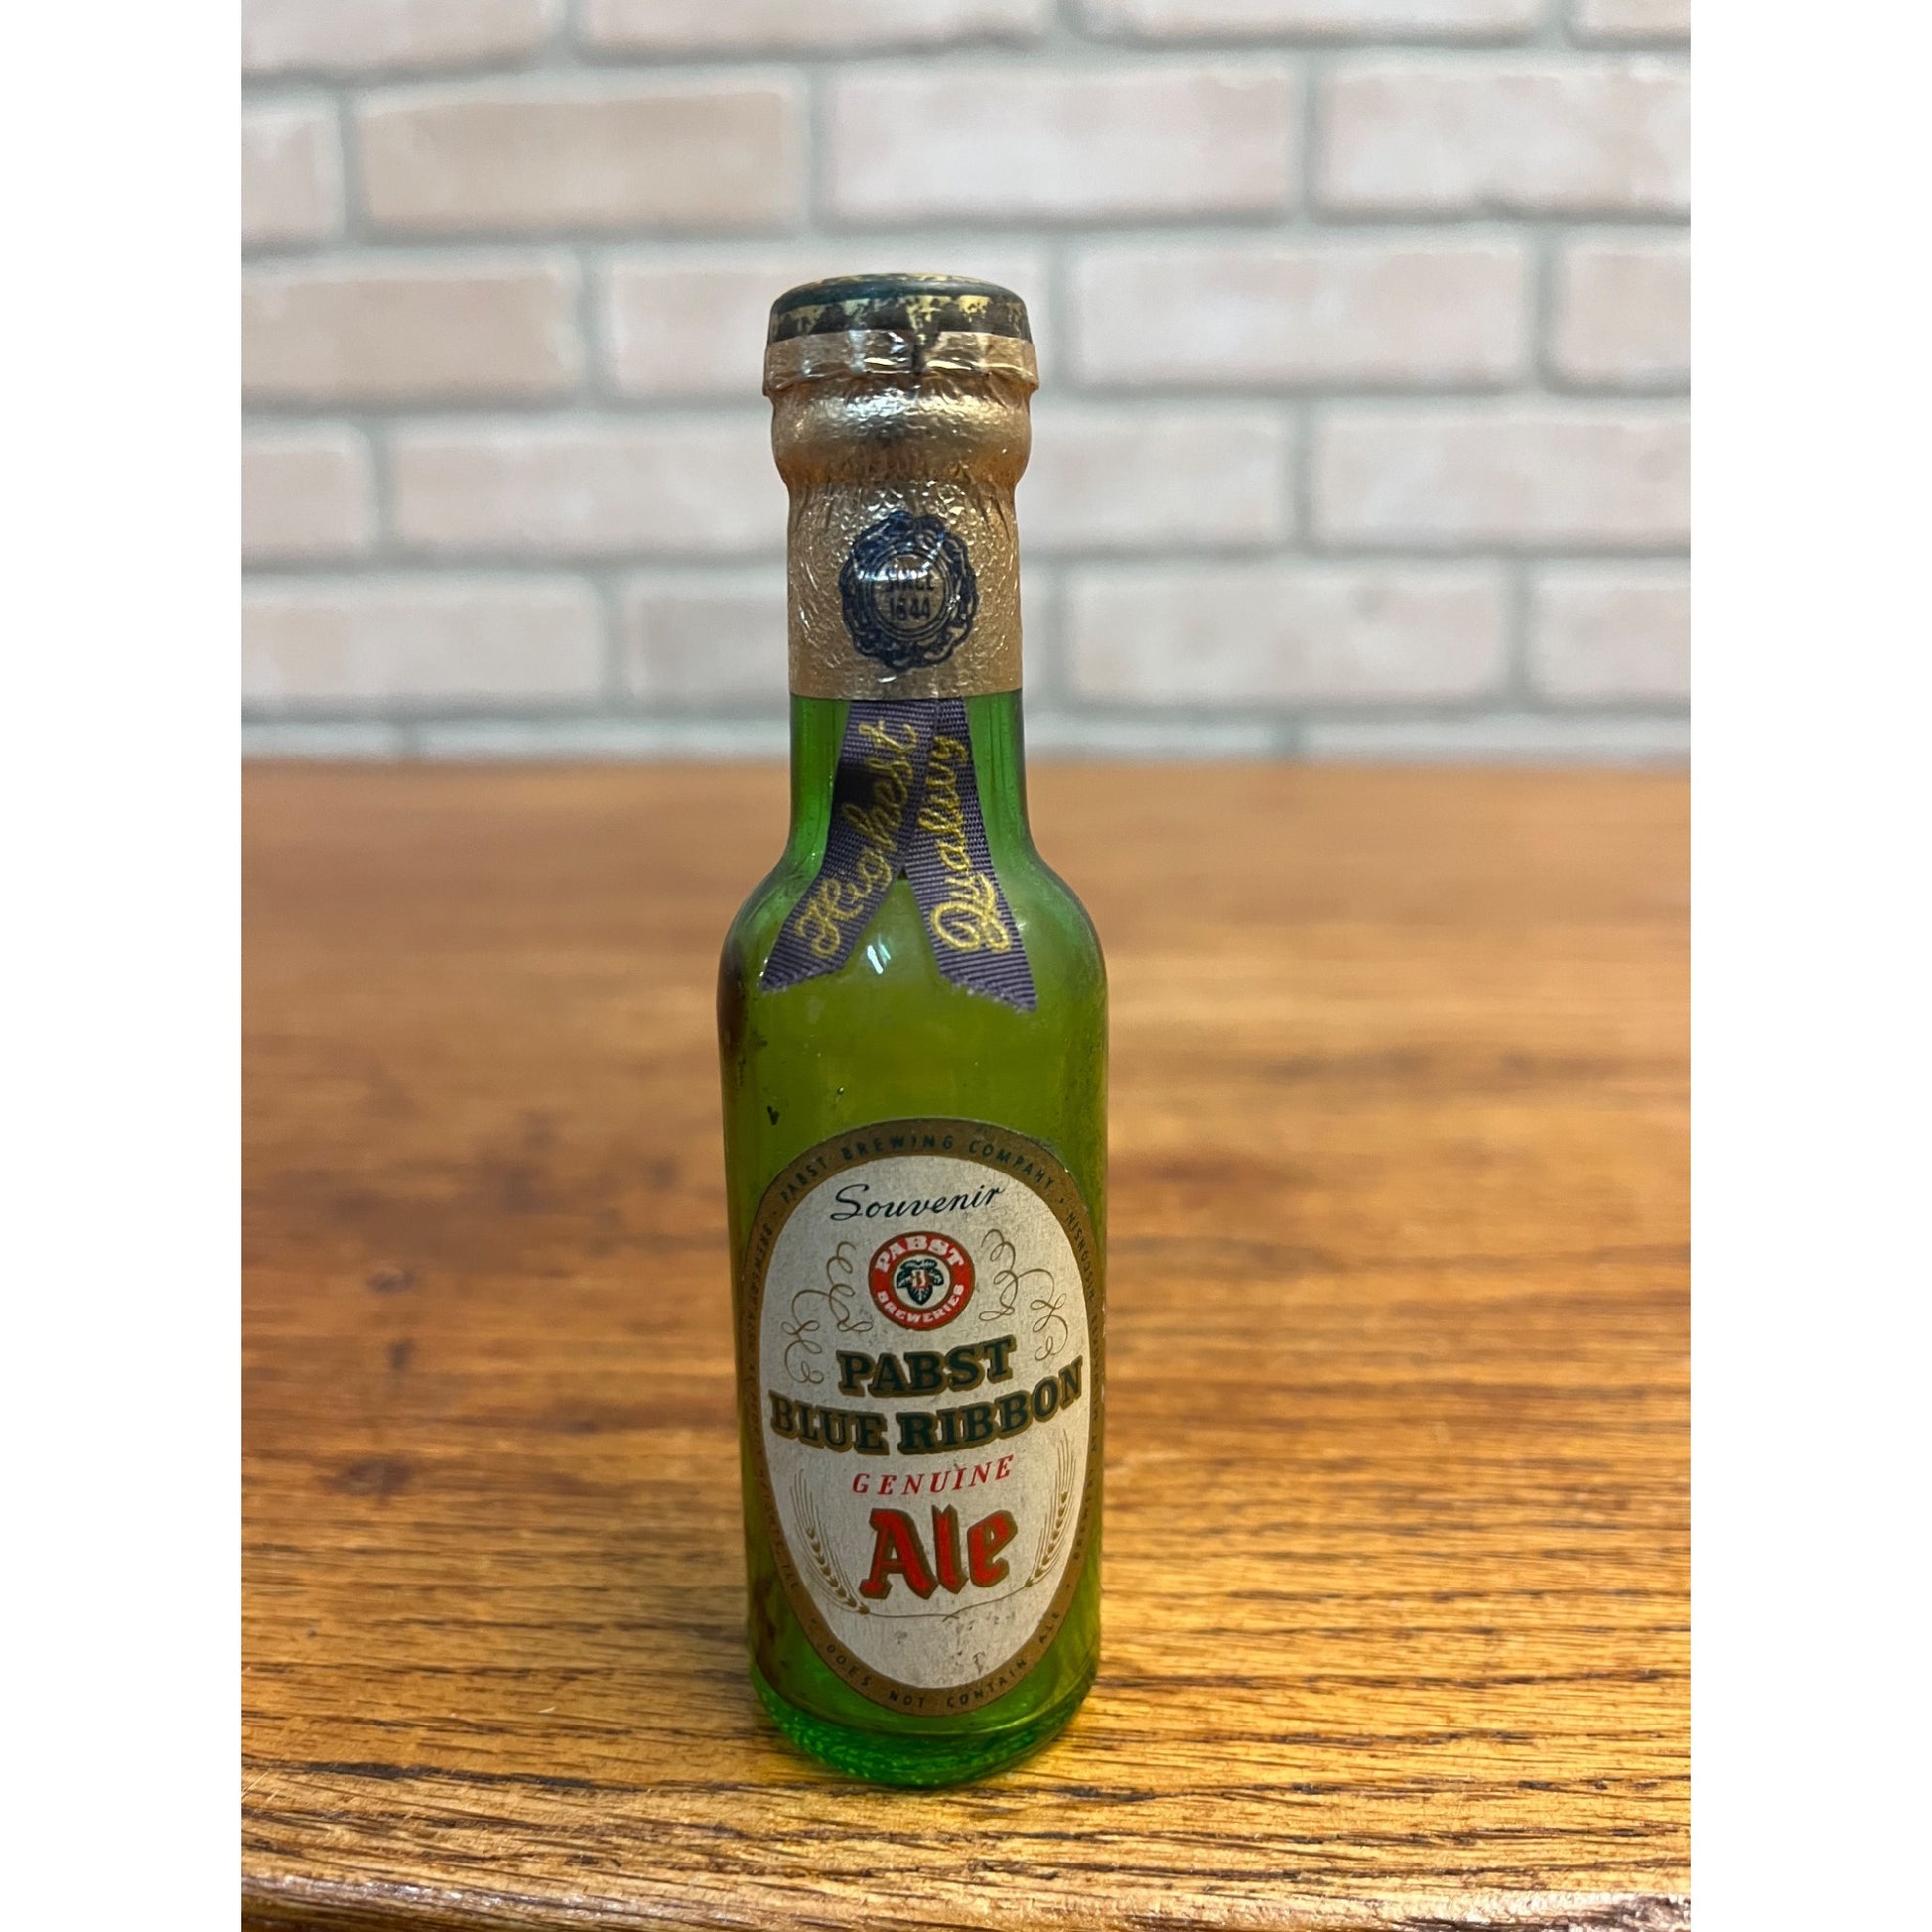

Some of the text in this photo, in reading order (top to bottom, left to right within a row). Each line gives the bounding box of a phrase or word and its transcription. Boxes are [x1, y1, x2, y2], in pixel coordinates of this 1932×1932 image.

[794, 717, 918, 958] Highest
[917, 735, 1012, 953] Quality
[780, 1134, 1055, 1204] PABST BREWING COMPANY
[829, 1183, 1006, 1222] Souvenir
[875, 1235, 965, 1273] PABST
[877, 1284, 964, 1323] BREWERIES
[835, 1334, 1018, 1399] PABST
[768, 1389, 891, 1456] BLUE
[895, 1356, 1085, 1455] RIBBON
[852, 1454, 1015, 1496] GENUINE
[858, 1503, 1020, 1601] Ale
[825, 1611, 1060, 1710] DOES NOT CONTAIN ALE
····················
• Assignment
Once the images are removed, print the remaining data exactly as it appears above.

• Exercise solution
Some of the text in this photo, in reading order (top to bottom, left to right within a row). Each line gives the bounding box of a phrase or word and its transcription. Boxes are [x1, y1, x2, y2], in pixel coordinates of this 1932×1932 image.

[794, 717, 918, 958] Highest
[917, 735, 1012, 953] Quality
[780, 1134, 1055, 1204] PABST BREWING COMPANY
[829, 1183, 1006, 1222] Souvenir
[875, 1235, 965, 1273] PABST
[877, 1284, 964, 1323] BREWERIES
[835, 1334, 1018, 1399] PABST
[768, 1389, 891, 1456] BLUE
[895, 1356, 1085, 1455] RIBBON
[852, 1454, 1015, 1496] GENUINE
[858, 1503, 1020, 1601] Ale
[825, 1611, 1060, 1710] DOES NOT CONTAIN ALE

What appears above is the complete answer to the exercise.